Есть еще и другой, прямой признак принадлежности «Онегина» к литературному роду романа. Поэт не ограничивается обрисовкой своих действующих лиц на широком фоне городской и деревенской, великосветской и мелкопоместной России, но изображает (что возможно только в романе) и постепенное развитие их характеров, внутренние перемены, в них совершающиеся с течением событий: достаточно вспомнить путь, пройденный Татьяной.

Лирические, философические, злободневные отступления в «ДонЖуане» всецело произвольны; у Пушкина они подчинены объективному заданию реалистического романа.

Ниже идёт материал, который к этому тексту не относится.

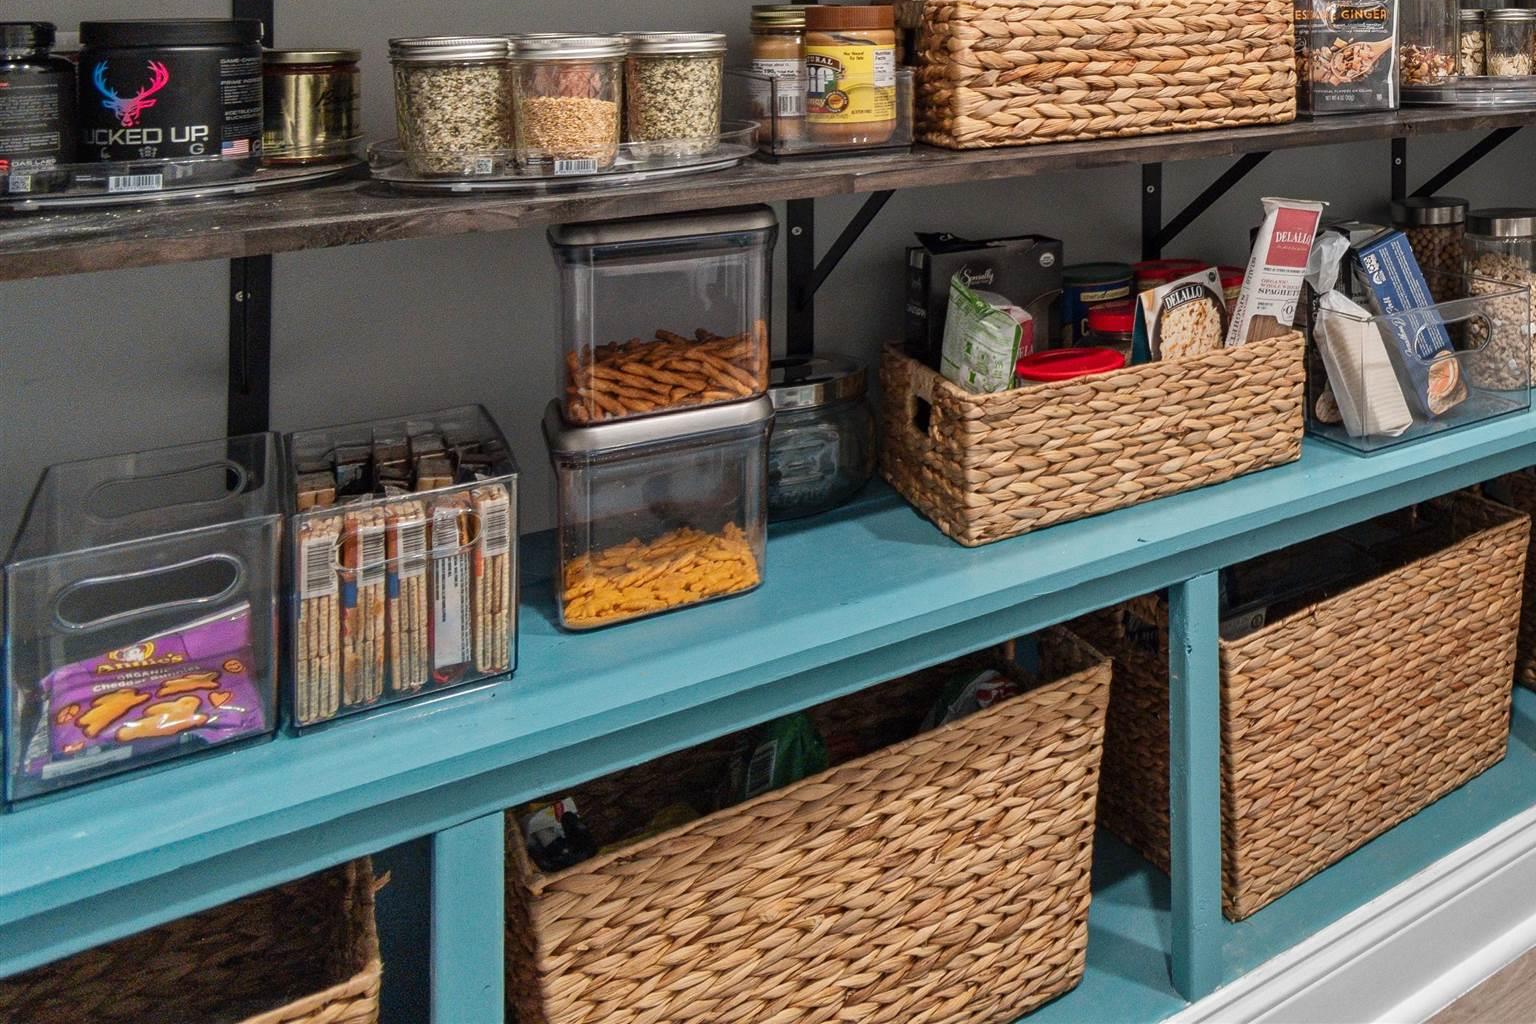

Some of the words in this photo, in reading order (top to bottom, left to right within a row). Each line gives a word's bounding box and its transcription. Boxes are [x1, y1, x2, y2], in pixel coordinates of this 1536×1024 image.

Поэт выступает приятелем Евгения, хорошо осведомленным как об нем самом, так и о всех лицах и обстоятельствах случившейся с ним истории; ее он и рассказывает друзьям в тоне непринужденной, доверчивой беседы. И так как, особенно в романе, хотящем оставить впечатление достоверного свидетельства, рассказчик должен не менее живо предстать воображению читателей, чем сами действующие лица, то Пушкину, для достижения именно объективной его цели, ничего другого не остается, как быть наиболее субъективным: быть самим собою, как бы играть на сцене себя самого, казаться беспечным поэтом, лирически откровенным, своевольным в своих приговорах и настроениях, увлекающимся собственными воспоминаниями порою до забвения о главном предмете. Но – чудо мастерства – в этом постороннем рассказу и отдельно от него привлекательном обрамлении с тем большею выпуклостью и яркостью красок, с тем большею свободой от рассказчика и полнотой своей самостоятельной, в себя погруженной жизни выступают лица и происшествия. И, быть может, именно эта мгновенная, трепетная непосредственность личных признаний, какою-то таинственною алхимией превращенная в уже сверхличное и сверхвременное золото недвижной памяти, являет предка русской повествовательной словесности столь неувядаемо и обаятельно свежим, более свежим и молодым, чем некоторые поздние его потомки.

5

С «Евгения Онегина» начинается тот расцвет русского романа, который был одним из знаменательных событий новейшей европейской культуры. Историко-литературные исследования с каждым днем подтверждают правду слов Достоевского о том, что и Гоголь, и вся плеяда, к которой принадлежал он сам, родились как художники от Пушкина и возделывали полученное от него наследие. Отражения и отголоски пушкинского романа в нашей литературе бесчисленны, но большею частью они общеизвестны. Мне бросилось в глаза (кажется, однако, что и это уже было кем-то замечено), что точная и даже дословная программа Раскольникова содержится в стихах второй главы: «Все предрассудки истребя, мы почитаем всех нулями, а единицами себя; мы все глядим в Наполеоны; двуногих тварей миллионы для нас орудие одно».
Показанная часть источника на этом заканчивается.